Dynamite and Davey: The Explosive Lives of the British Bulldogs by Steven Bell

March 31, 2022

Following on from his biography of little known British wrestling pioneer Douglas Clark, Steven Bell turns his attention to perhaps the two best known British wrestlers of their generation.

The story of Dynamite Kid in particular is well-documented through his own groundbreaking autobiography and other titles including the memoirs of Bret and Bruce Hart and Heath McCoy’s history of the Stampede territory. Bell combines material from these and other books with original interviews, most notably with Ross Hart and the Billington family, providing illuminating details about home lives and some more amusing incidents from life on the road.

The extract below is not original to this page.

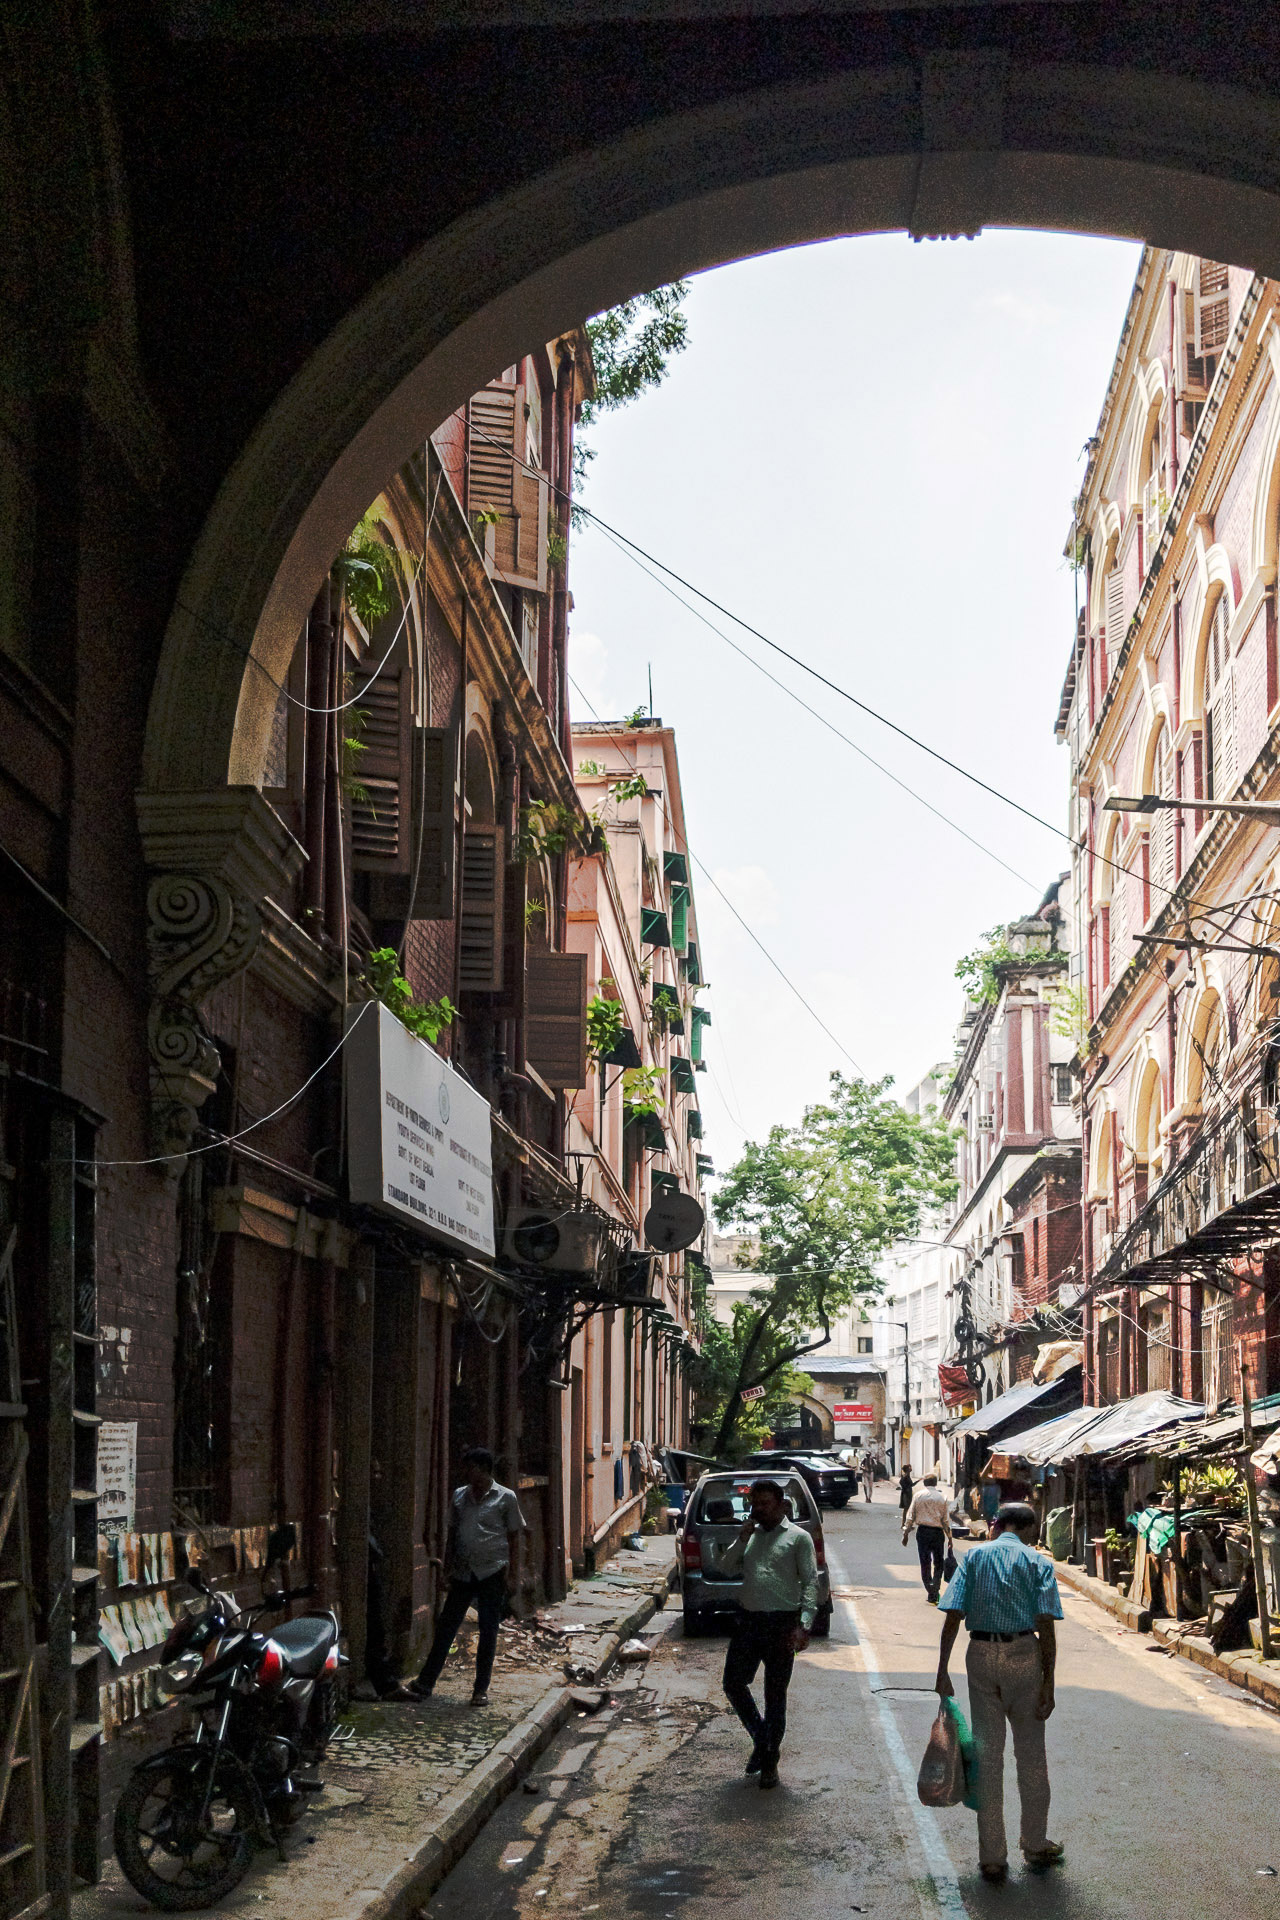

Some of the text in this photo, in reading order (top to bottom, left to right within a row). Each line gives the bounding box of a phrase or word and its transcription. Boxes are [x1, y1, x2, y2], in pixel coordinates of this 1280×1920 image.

[397, 1121, 409, 1140] YOUTH
[410, 1130, 425, 1151] SERVICES
[388, 1183, 408, 1206] STANDARD

Bell’s literary approach is both the greatest strength and weakness of the book. Rather than having quotes from any of the participants or sources, it’s presented almost in the style of a novel. This certainly makes for a consistent voice and a highly readable account. However, it can make it harder to assess the origin or validity of some of the content.

Most notable are sections which include lengthy exchanges of dialogue created by Bell. While the introduction makes clear that “some minor details and dialogue are imagined”, some readers may still find these sections a little jarring, particularly where they aren’t explicitly labelled as fictional. (Since this review was published, the author has clarified that both the existence and broad subject of all conversations in the book was confirmed by sources: it is merely the precise wording itself that is imagined.)

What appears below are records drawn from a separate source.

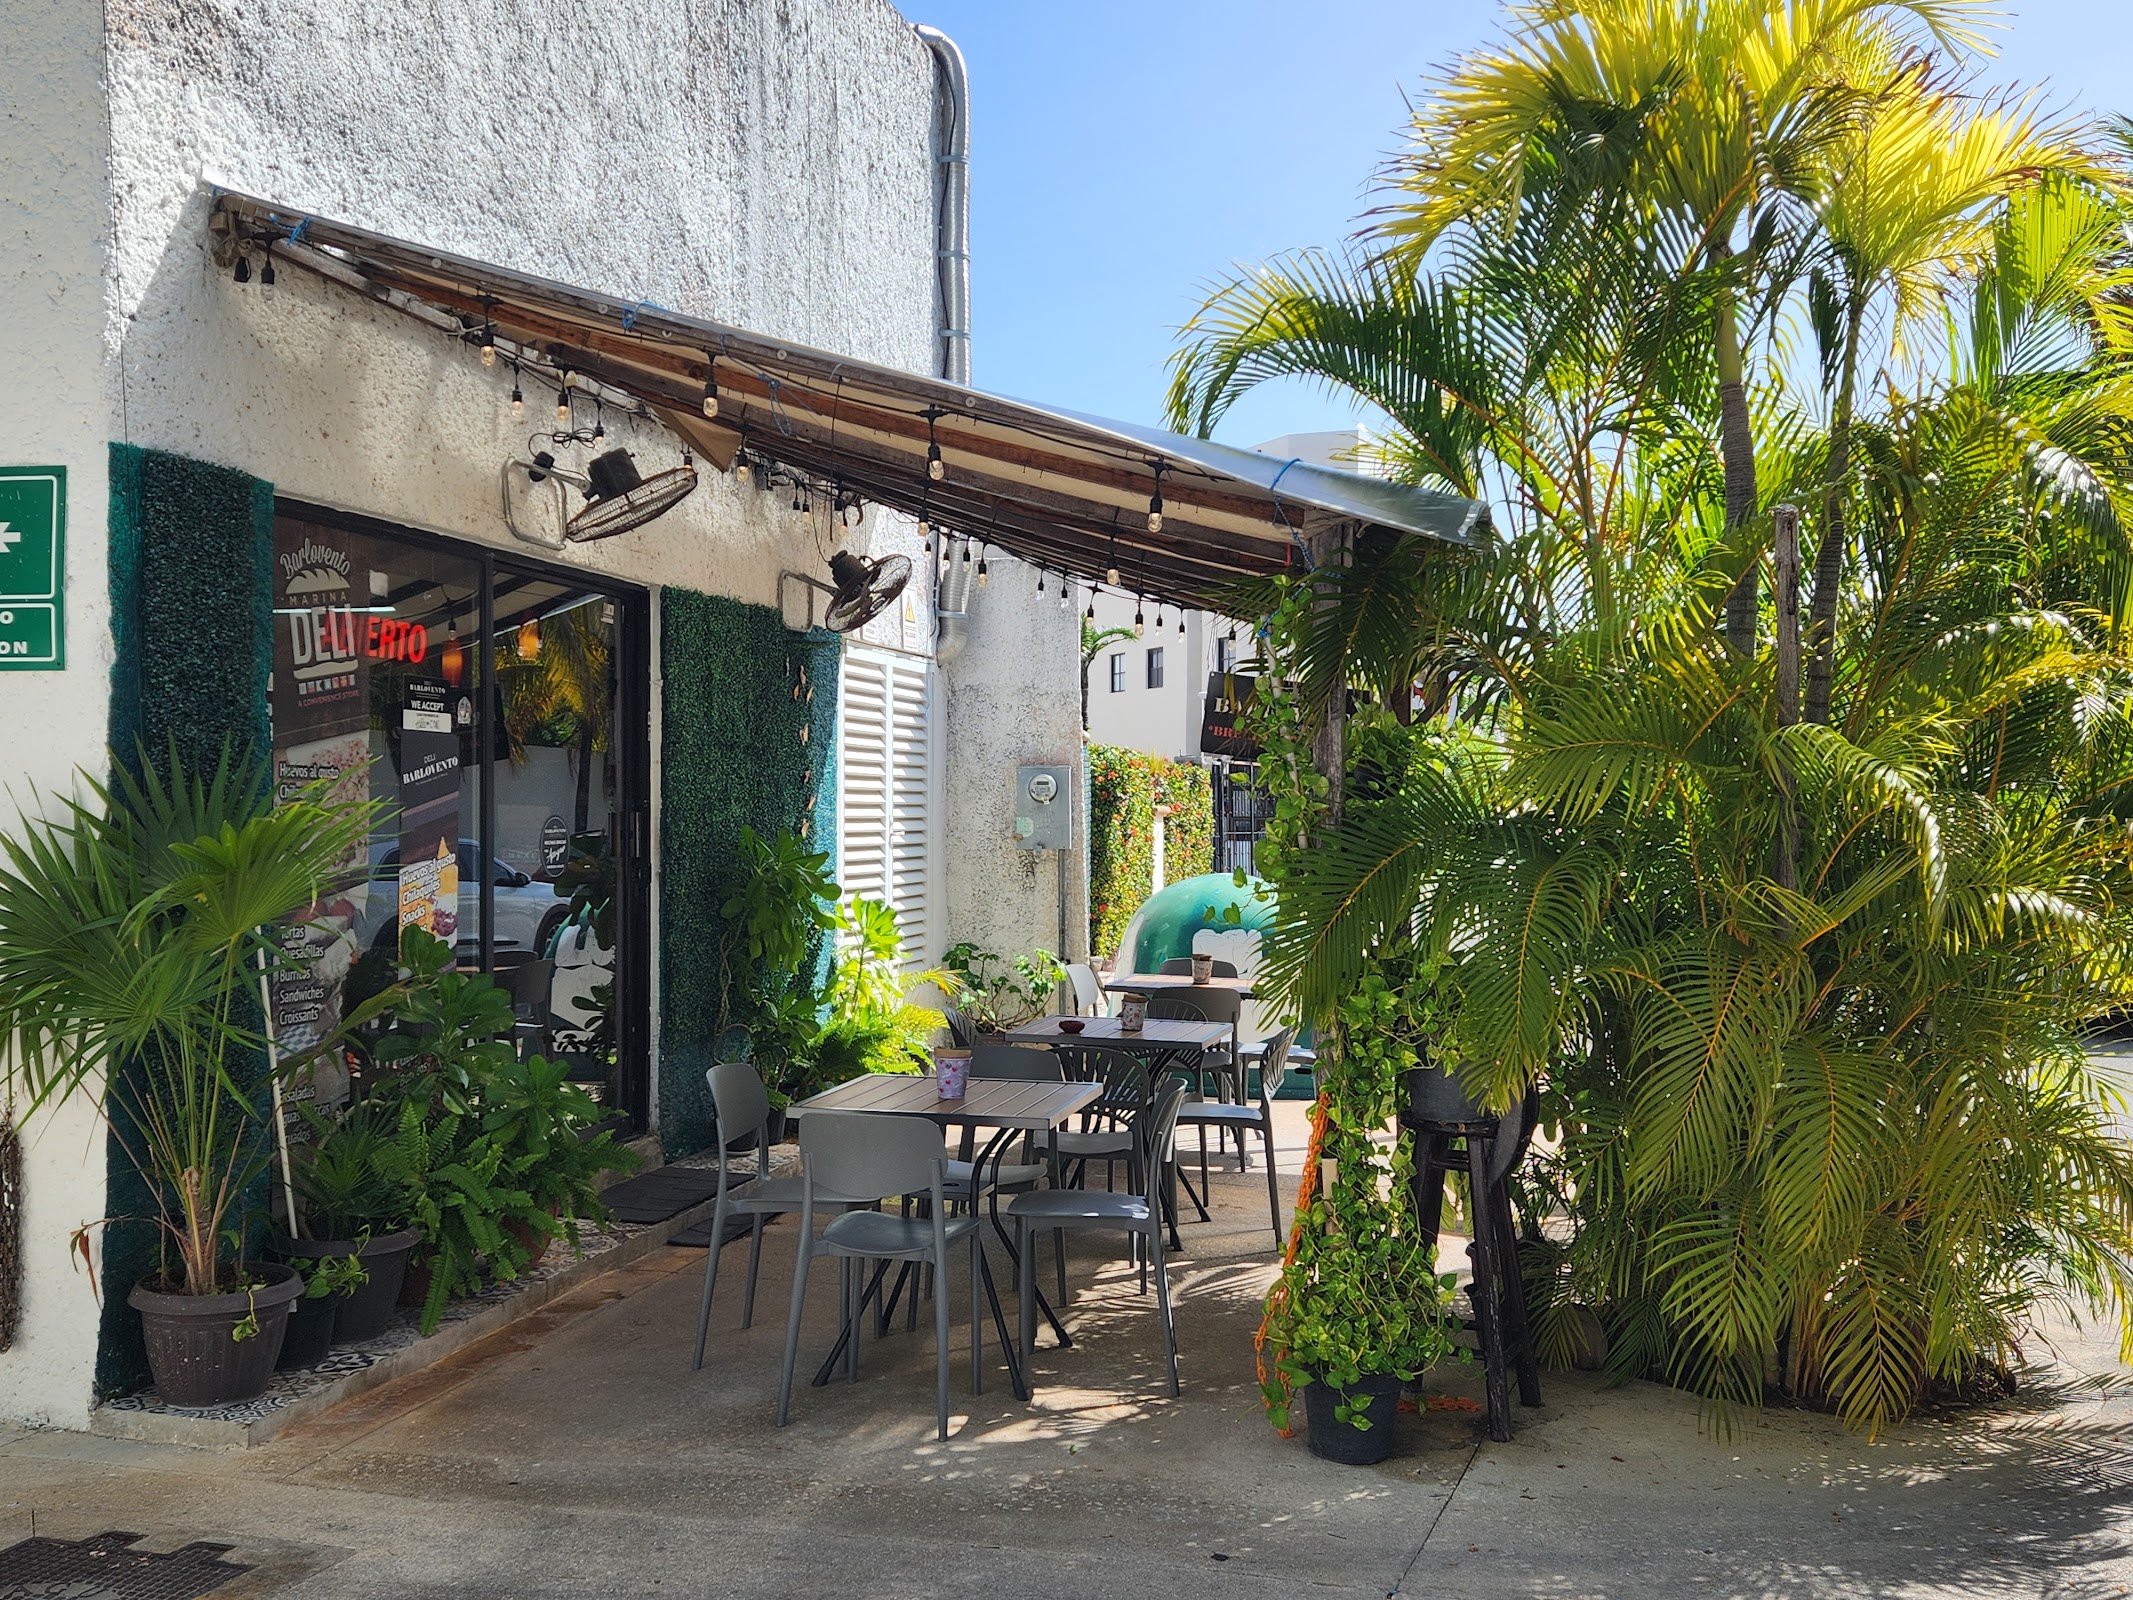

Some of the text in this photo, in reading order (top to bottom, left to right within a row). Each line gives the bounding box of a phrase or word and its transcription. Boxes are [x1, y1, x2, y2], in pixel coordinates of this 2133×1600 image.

[280, 537, 350, 579] Barlovento
[289, 591, 347, 606] MARINA
[289, 603, 355, 665] DELI
[409, 684, 446, 694] BARLOVENTO
[411, 700, 445, 712] WE ACCEPT
[423, 753, 436, 764] DELI
[309, 764, 317, 778] al
[402, 756, 459, 785] BARLOVENTO
[402, 852, 456, 886] Huevos al gusto
[402, 878, 440, 905] Chilaquiles
[402, 905, 426, 926] Snacks
[280, 986, 324, 1004] Sandwiches
[280, 1008, 319, 1025] Croissants

It can also be difficult at times to distinguish between details that come from a source (whether first-hand or reported) and those created for the sake of the narrative. For example, the book gives details of the contract the Bulldogs signed with the WWF in March 1985, including the rights to pay-per-view bonuses. That raises questions given the first WWF event with a significant PPV presence was still nine months away at this point.

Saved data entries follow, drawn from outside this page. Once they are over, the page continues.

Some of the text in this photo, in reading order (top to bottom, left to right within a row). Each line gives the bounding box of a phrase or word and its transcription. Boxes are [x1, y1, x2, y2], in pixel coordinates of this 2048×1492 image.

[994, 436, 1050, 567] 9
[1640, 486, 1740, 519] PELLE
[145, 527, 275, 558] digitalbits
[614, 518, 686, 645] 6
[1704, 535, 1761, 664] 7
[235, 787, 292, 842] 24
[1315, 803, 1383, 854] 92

Whatever your take on the style, though, it’s certainly a compelling tale, with the book doing a good job of balancing both the overall narrative and the specific incidents and stories behind it. The parallels and strained relationship between the Bulldogs are well covered and the book gives appropriate weight to key elements such as Billington’s revolutionary in-ring style, Smith’s mainstream popularity, and the physical price both men paid. It also does a good job of exploring the blurred lines between the wrestling business and the intertwined family lives of both the Smiths and Billingtons and the extended Hart clan.

Such a title could never be (and is not intended as) a replacement for Pure Dynamite, but is still worth exploring for the way it goes beyond the collection of memories fans have of both men’s careers and instead puts across the full picture of two notable lives.